The gap AI qualification leaves open
Maya qualifies sellers at scale, running structured conversations, extracting motivation, price expectation, and timeline, then routing leads based on what the seller said. The system handles volume and consistency better than a human team can.
What it cannot do reliably is catch nuance. A seller who sounds hesitant but has an actual financial deadline. A transcript where the seller's price expectation reads as flexible but a comment deeper in the conversation suggests otherwise. A seller who gave contradictory signals across a long call.
These are the cases where a fast routing decision produces the wrong outcome. A motivated seller ends up in Nurture and sits in automated follow-up instead of reaching the client. A tire-kicker ends up in Pre-Qualified and wastes the client's time on a call that was never going to close.
Land AI's human QA layer exists to catch both types of errors before they reach a client's CRM.
How the QA review process works
Every conversation Maya completes routes to a Lead Quality Analyst at Land AI before the lead is delivered to the client. The analyst reviews the full transcript, the routing decision Maya made, and the motivation signals in the conversation.
The analyst is not reviewing summaries or flags generated by the AI. They are reading the actual transcript and making an independent judgment on whether the routing was correct.
If the routing was correct, the lead moves to the client's CRM as classified. If the routing was wrong, the analyst reclassifies it, adjusts the notes to explain why, and routes the corrected lead.
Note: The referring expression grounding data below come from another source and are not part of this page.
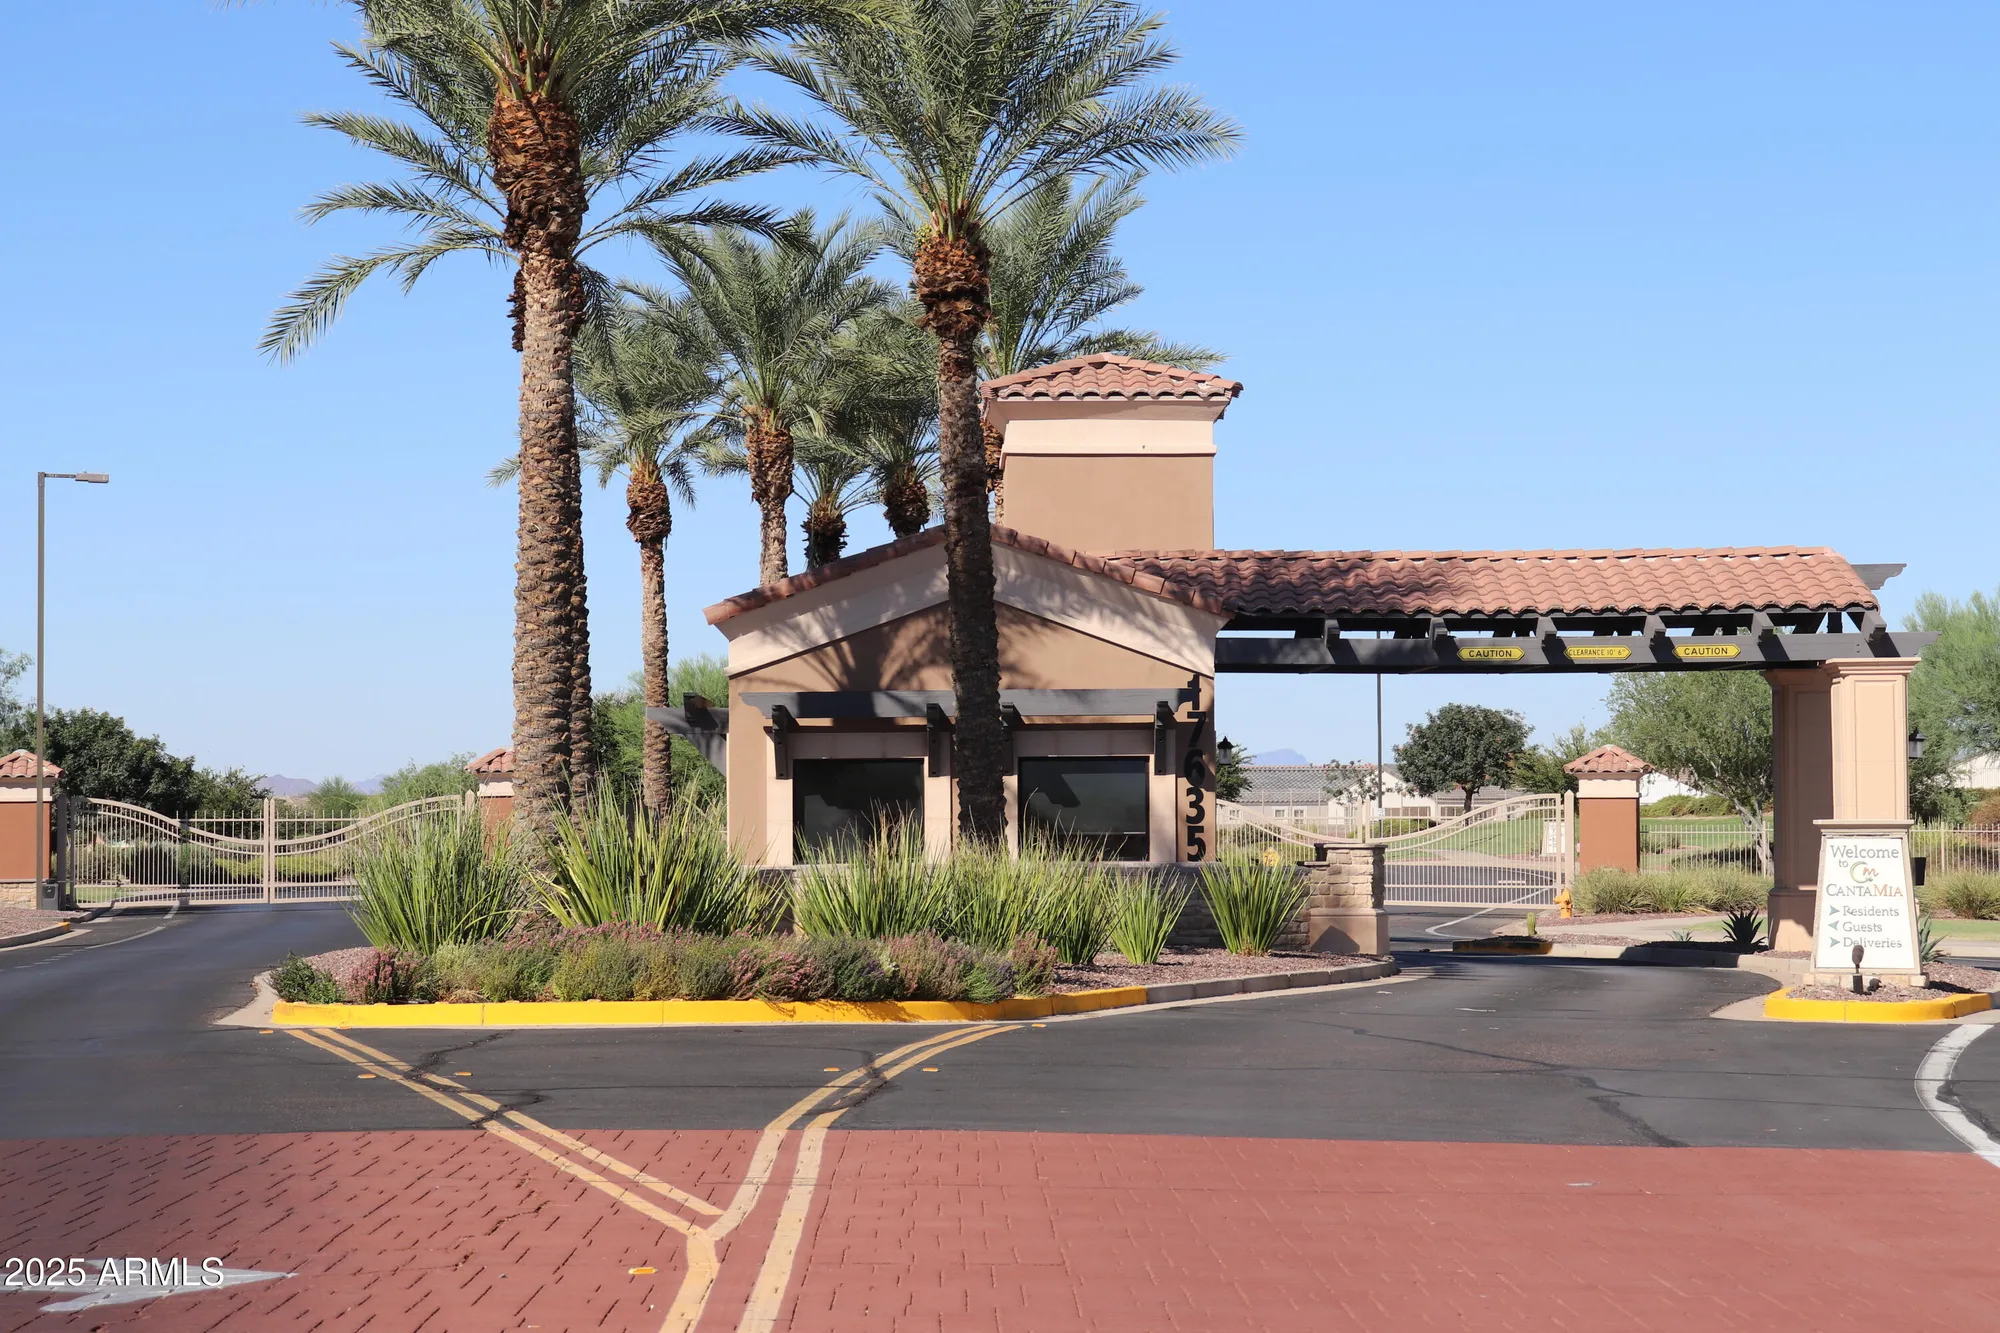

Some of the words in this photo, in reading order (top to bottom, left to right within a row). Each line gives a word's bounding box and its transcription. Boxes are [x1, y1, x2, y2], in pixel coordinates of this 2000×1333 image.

[1468, 649, 1513, 658] CAUTION
[1683, 646, 1729, 656] CAUTION
[1184, 673, 1207, 862] 17635
[1830, 845, 1900, 859] Welcome
[1838, 859, 1849, 868] to
[1842, 905, 1900, 917] Residents
[1842, 921, 1883, 932] Guests
[1842, 936, 1903, 948] Deliveries
The client sees the corrected classification, not the error.
What a real correction looks like
A seller comes through a campaign and is initially classified as Pre-Qualified. The transcript shows the seller engaged, answered Maya's questions, and confirmed a general interest in selling. The routing logic flagged motivation and openness.
The analyst reads the full transcript and finds that the seller's price expectation is $500,000 for a property with comparable sales around $89,000. The seller mentioned "not in a rush" twice and described their ownership as a long-term investment. No financial pressure. No timeline. A price expectation that is more than five times what the market would support.
The analyst reclassifies to Long-Term Nurture, adds a note explaining the price gap and the absence of urgency, and routes the lead. The client sees the corrected classification and the reason for it immediately.
Without the QA step, that lead would have gone to the client as Pre-Qualified. The client would have spent time on a call that had no path to a deal.
Routing accuracy across the system
Land AI tracks routing accuracy across every client's pipeline. Most clients run between 94% and 96% accuracy, measured by the percentage of leads that are correctly classified on the first pass before QA review.
That range means the QA layer is catching between 4% and 6% of leads that needed a correction. At 50 leads per month on the Growth Engine plan, that is 2 to 3 leads per month that would have been misrouted without the analyst review. At 100 leads per month on Scale Engine, it is 4 to 6 per month.
Each misrouted lead that becomes a correction is a deal the client did not waste time on or miss out on. Over a 90-day campaign, those corrections compound.
How the QA loop improves the system over time
When the QA team identifies a pattern in misclassifications, they feed it back into the system. If a particular phrasing pattern from sellers is consistently producing wrong routing decisions, the underlying prompting and routing logic gets updated.
This means the system is not static. The 94-96% accuracy range improves over time because the QA process is generating training data for the AI, not just correcting individual leads. Clients who have been with Land AI longer benefit from accuracy improvements that came from QA patterns identified on earlier campaigns.
What clients receive after QA
The Pre-Call Seller Brief that lands in a client's managed CRM includes the full Maya conversation transcript, a plain-language motivation summary, the seller's price expectation, timeline signals, communication preferences, identified risk flags, and the routing rationale, including any QA correction notes.
The brief is designed to give the client everything they need to walk into a seller conversation already knowing whether the deal is worth pursuing and what the seller's key concerns are. The QA layer is what makes that brief reliable rather than a direct output of AI routing.
The principle behind the design
Automation without oversight produces inconsistent results at scale. The QA layer is Land AI's answer to that problem. The AI handles volume and consistency. The human review handles edge cases and pattern recognition. Neither alone produces the outcome clients need. Together they do.